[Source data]
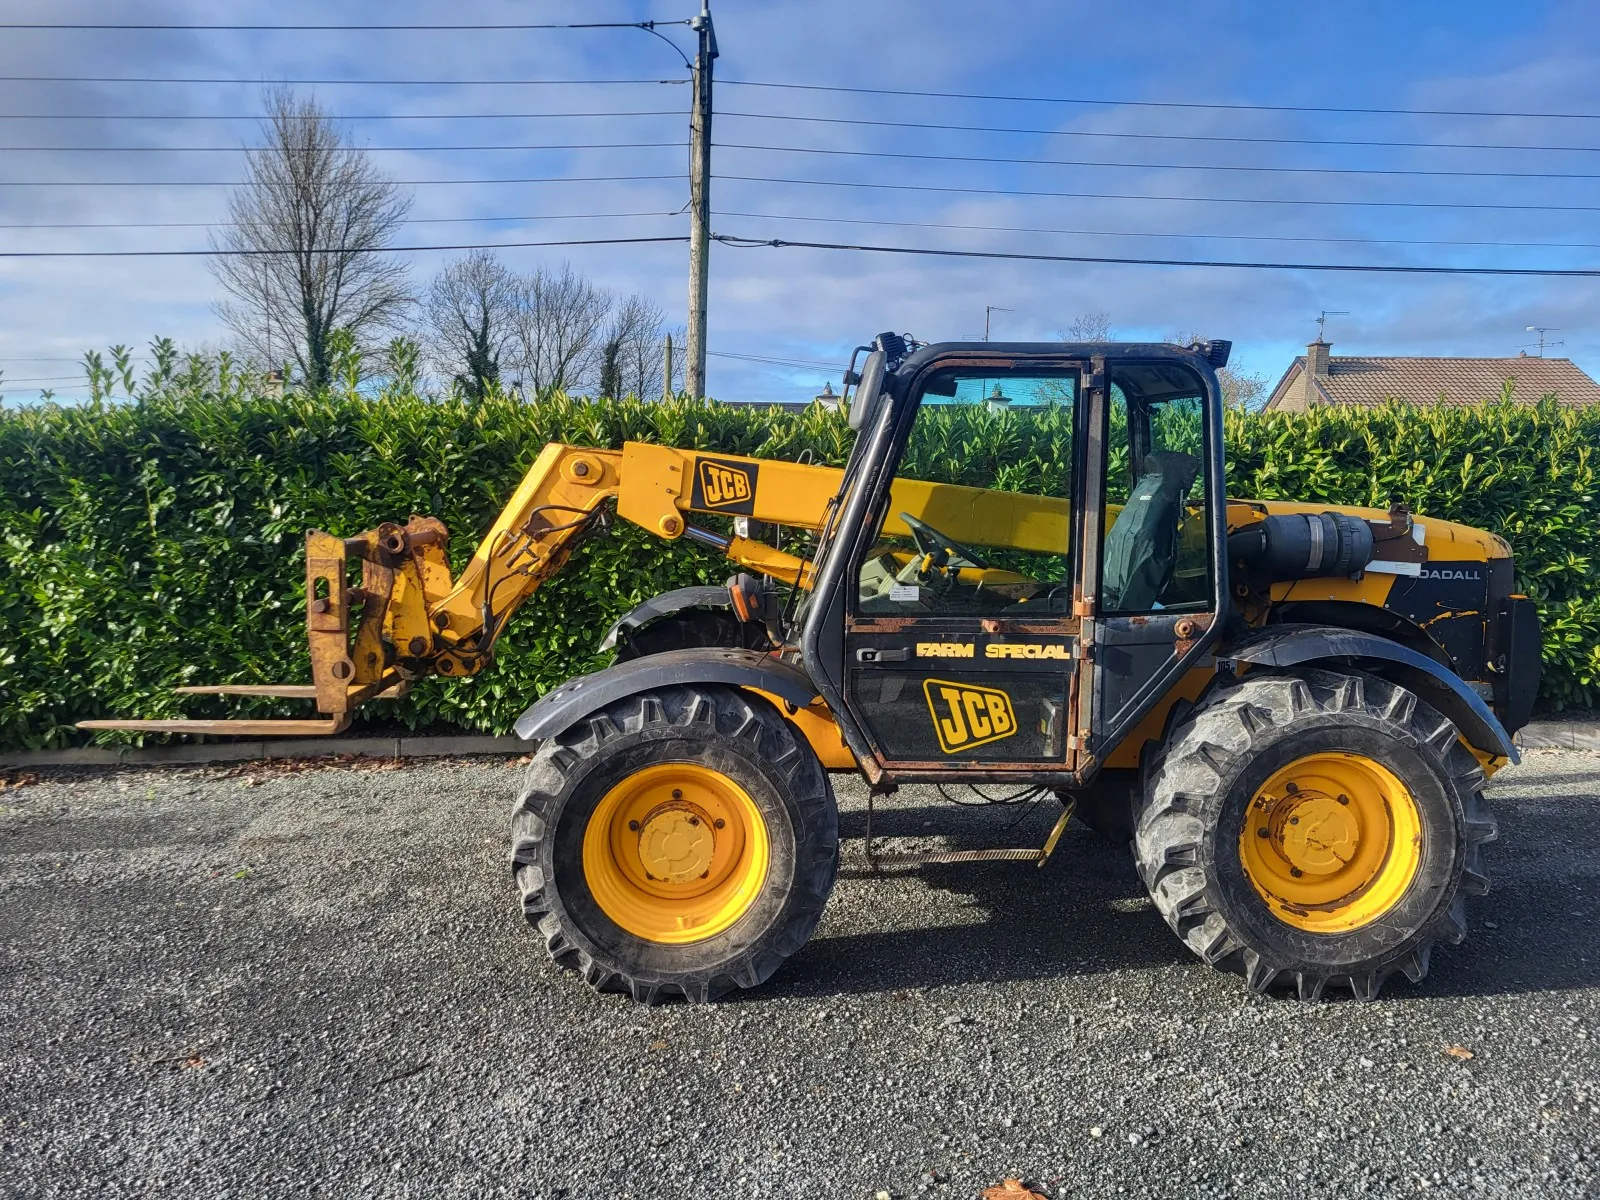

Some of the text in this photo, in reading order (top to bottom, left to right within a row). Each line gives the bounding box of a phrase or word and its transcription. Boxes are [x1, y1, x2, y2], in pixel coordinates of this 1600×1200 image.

[706, 466, 748, 502] JCB
[1409, 569, 1480, 580] OADALL
[916, 642, 1071, 660] FARM SPECIAL
[940, 687, 1011, 745] JCB

**Work instructions:** Your answer must be the entries written out word for word, without their pictures.

**Completed task:**
Some of the text in this photo, in reading order (top to bottom, left to right within a row). Each line gives the bounding box of a phrase or word and its transcription. Boxes are [x1, y1, x2, y2], in pixel coordinates of this 1600×1200 image.

[706, 466, 748, 502] JCB
[1409, 569, 1480, 580] OADALL
[916, 642, 1071, 660] FARM SPECIAL
[940, 687, 1011, 745] JCB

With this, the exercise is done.